Durchaus denkwürdige Ereignisse waren übrigens dieser Bürgermeisterwahl voran gegangen. Der SPD hatte es der damalige Bürgermeister Joachim Aurich (parteilos, Kandidat der Liste CDU/Kulturbund, heute CDU) zu verdanken, dass er gewissermaßen „vorzeitig“ aus dem Amt gehen musste. Seine Wahlperiode an sich hätte bis Mai 2002 gedauert. Doch das Landesbeamtengesetz sah damals noch vor, dass hauptamtliche Bürgermeister mit Vollendung ihres 65. Lebensjahres in Pension gehen müssen. Joachim Aurich hätte bis 2002 weiter regieren können, wenn er für seinen entsprechenden Antrag eine Zweidrittelmehrheit der Stadtverordneten bekommen hätte. Da aber die SPD ihre Zustimmung verweigerte, kam Joachim Aurich mit seinem Wunsch nach Dienstzeitverlängerung nicht durch.

Amtsnachfolger von Joachim Aurich

Der damalige Premnitzer Bürgermeister Joachim Aurich musste am 31. August 2000 mit 65 Jahren in den Ruhestand gehen.

Eine Zweidrittelmehrheit der Stadtverordneten war ihm versagt geblieben, um bis zum Ende seiner Wahlperiode im Jahr 2002 weiter regieren zu können. Die SPD war dagegen.

Erstmals gewählt als Bürgermeister wurde Roy Wallenta am 2. Juli 2000. Sein Amt trat er am 1. September des Jahres an.

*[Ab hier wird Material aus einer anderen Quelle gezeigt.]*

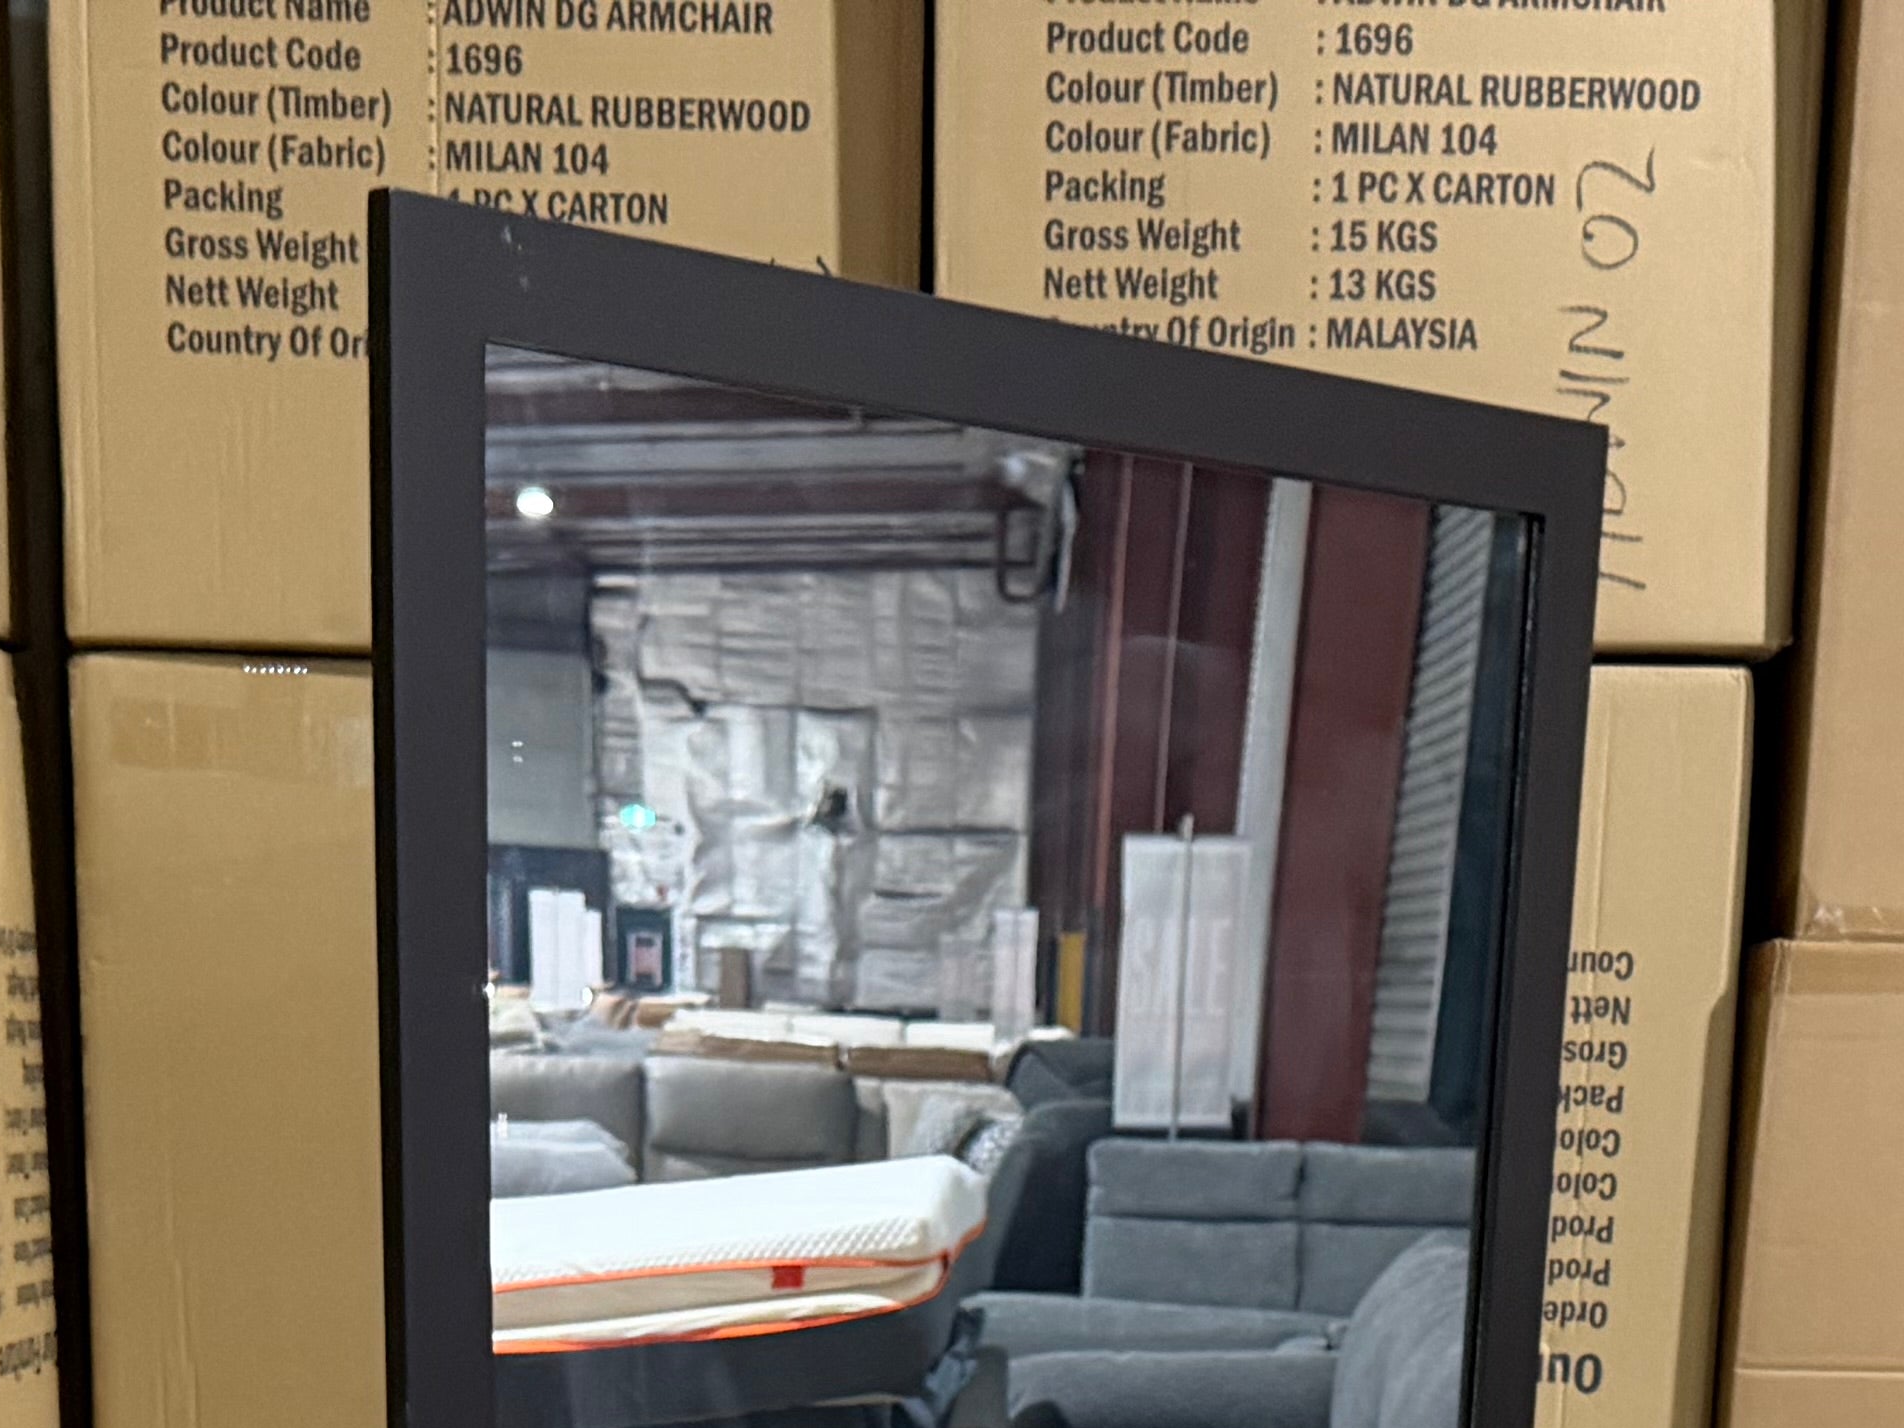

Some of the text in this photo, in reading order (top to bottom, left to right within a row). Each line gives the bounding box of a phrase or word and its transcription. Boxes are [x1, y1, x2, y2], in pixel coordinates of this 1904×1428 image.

Seine Wiederwahl war am 18. Mai 2008.

Die treibende Kraft dieser „Ablösungsprozedur“ war damals Detlef Lange, der SPD-Fraktionsvorsitzende. Pikanterweise hat ihn seine Partei danach dann nicht als ihren Kandidaten für die Bürgermeisterwahl nominiert. Bei der Abstimmung im Ortsverein setzte sich Christian Maaß gegen ihn mit elf zu acht Stimmen durch. Für Detlef Lange war das ein harter Schlag.

Bei der Wiederwahl 2008 stattliche 75,95 Prozent

Nachdem seine erste achtjährige Amtszeit zu Ende gegangen war, setzte sich Roy Wallenta bei seiner zweiten Bürgermeisterwahl am 18. Mai 2008 mit klarem Vorsprung durch. Er fuhr stattliche 75,95 Prozent der Stimmen ein und seine einzige Gegenkandidatin Christine Milde bekam 24,05 Prozent. Beide waren als parteilose Einzelkandidaten angetreten. Roy Wallenta rechnete allerdings auf die Unterstützung der freien Wählergemeinschaft Döberitz-Mögelin-Premnitz (DMP), die im Vorfeld der Wahl gegründet worden war.